Activity: Copy each record below exactly, please, and leave its pictures out.

Image-backed grounding data:
#####

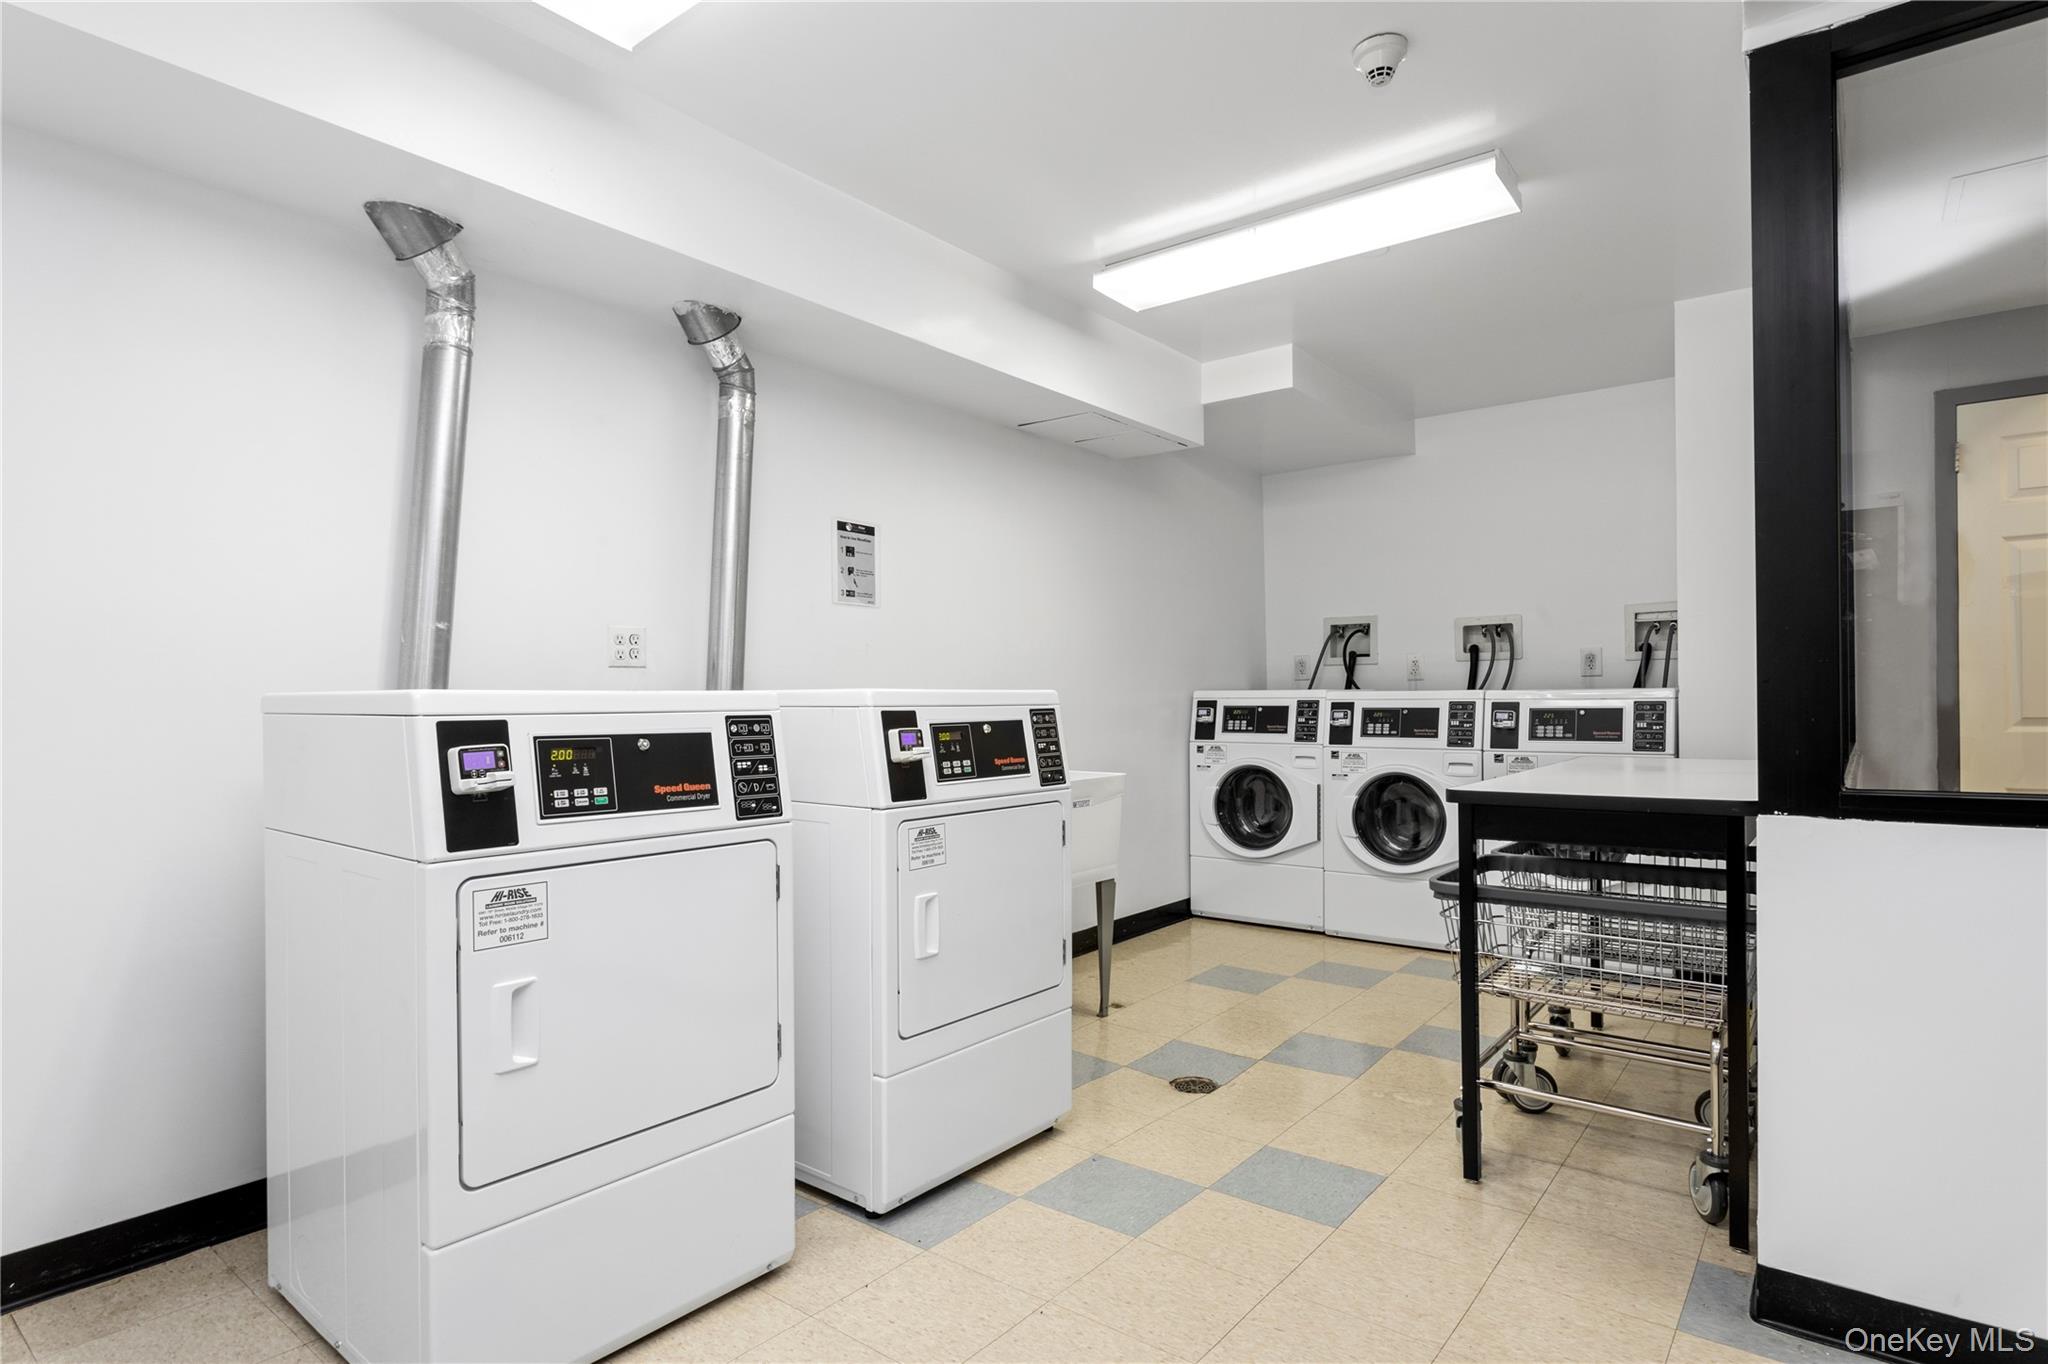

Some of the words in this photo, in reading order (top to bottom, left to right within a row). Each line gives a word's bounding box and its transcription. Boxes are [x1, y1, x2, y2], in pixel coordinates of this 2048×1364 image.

[654, 783, 682, 795] Speed
[683, 782, 711, 791] Queen
[666, 793, 696, 802] Commercial
[696, 792, 711, 800] Dryer
[490, 888, 532, 903] HI-RISE
[478, 928, 498, 937] Refer
[508, 922, 538, 933] machine
[499, 932, 524, 943] 006112

#####

Exercise output:
Some of the words in this photo, in reading order (top to bottom, left to right within a row). Each line gives a word's bounding box and its transcription. Boxes are [x1, y1, x2, y2], in pixel coordinates of this 2048×1364 image.

[654, 783, 682, 795] Speed
[683, 782, 711, 791] Queen
[666, 793, 696, 802] Commercial
[696, 792, 711, 800] Dryer
[490, 888, 532, 903] HI-RISE
[478, 928, 498, 937] Refer
[508, 922, 538, 933] machine
[499, 932, 524, 943] 006112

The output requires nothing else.